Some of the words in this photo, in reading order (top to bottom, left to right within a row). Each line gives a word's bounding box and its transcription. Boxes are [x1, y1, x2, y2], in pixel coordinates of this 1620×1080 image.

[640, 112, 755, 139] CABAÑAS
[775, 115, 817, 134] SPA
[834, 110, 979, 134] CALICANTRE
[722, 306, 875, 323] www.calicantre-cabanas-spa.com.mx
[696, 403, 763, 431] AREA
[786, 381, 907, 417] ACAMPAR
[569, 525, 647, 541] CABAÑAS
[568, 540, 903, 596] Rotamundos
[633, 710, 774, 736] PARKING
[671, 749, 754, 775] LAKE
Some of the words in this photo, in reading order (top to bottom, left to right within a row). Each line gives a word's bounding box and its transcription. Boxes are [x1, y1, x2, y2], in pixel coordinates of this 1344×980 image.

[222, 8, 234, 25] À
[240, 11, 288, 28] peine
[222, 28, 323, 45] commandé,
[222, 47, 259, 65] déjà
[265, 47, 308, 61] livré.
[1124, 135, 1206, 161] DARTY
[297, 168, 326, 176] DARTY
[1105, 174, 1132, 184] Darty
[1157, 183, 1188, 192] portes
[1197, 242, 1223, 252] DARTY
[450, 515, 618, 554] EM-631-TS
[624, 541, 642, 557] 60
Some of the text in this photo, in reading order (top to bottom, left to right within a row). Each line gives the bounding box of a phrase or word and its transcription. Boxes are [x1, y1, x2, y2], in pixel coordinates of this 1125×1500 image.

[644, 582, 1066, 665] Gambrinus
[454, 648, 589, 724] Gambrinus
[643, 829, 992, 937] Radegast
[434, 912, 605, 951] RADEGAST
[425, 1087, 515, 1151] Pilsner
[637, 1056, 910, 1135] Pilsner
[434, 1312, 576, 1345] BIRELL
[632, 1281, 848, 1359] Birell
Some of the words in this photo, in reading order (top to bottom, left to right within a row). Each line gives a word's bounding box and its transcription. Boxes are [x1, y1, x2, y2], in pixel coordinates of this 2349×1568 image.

Task details: Recreate the listing exactly, so that each entry reads as before.

Expected output:
Some of the words in this photo, in reading order (top to bottom, left to right within a row). Each line gives a word's bounding box and its transcription. Boxes are [x1, y1, x2, y2], in pixel coordinates of this 1620×1080 image.

[640, 112, 755, 139] CABAÑAS
[775, 115, 817, 134] SPA
[834, 110, 979, 134] CALICANTRE
[722, 306, 875, 323] www.calicantre-cabanas-spa.com.mx
[696, 403, 763, 431] AREA
[786, 381, 907, 417] ACAMPAR
[569, 525, 647, 541] CABAÑAS
[568, 540, 903, 596] Rotamundos
[633, 710, 774, 736] PARKING
[671, 749, 754, 775] LAKE
Some of the words in this photo, in reading order (top to bottom, left to right within a row). Each line gives a word's bounding box and its transcription. Boxes are [x1, y1, x2, y2], in pixel coordinates of this 1344×980 image.

[222, 8, 234, 25] À
[240, 11, 288, 28] peine
[222, 28, 323, 45] commandé,
[222, 47, 259, 65] déjà
[265, 47, 308, 61] livré.
[1124, 135, 1206, 161] DARTY
[297, 168, 326, 176] DARTY
[1105, 174, 1132, 184] Darty
[1157, 183, 1188, 192] portes
[1197, 242, 1223, 252] DARTY
[450, 515, 618, 554] EM-631-TS
[624, 541, 642, 557] 60
Some of the text in this photo, in reading order (top to bottom, left to right within a row). Each line gives the bounding box of a phrase or word and its transcription. Boxes are [x1, y1, x2, y2], in pixel coordinates of this 1125×1500 image.

[644, 582, 1066, 665] Gambrinus
[454, 648, 589, 724] Gambrinus
[643, 829, 992, 937] Radegast
[434, 912, 605, 951] RADEGAST
[425, 1087, 515, 1151] Pilsner
[637, 1056, 910, 1135] Pilsner
[434, 1312, 576, 1345] BIRELL
[632, 1281, 848, 1359] Birell
Some of the words in this photo, in reading order (top to bottom, left to right within a row). Each line gives a word's bounding box and its transcription. Boxes are [x1, y1, x2, y2], in pixel coordinates of this 2349×1568 image.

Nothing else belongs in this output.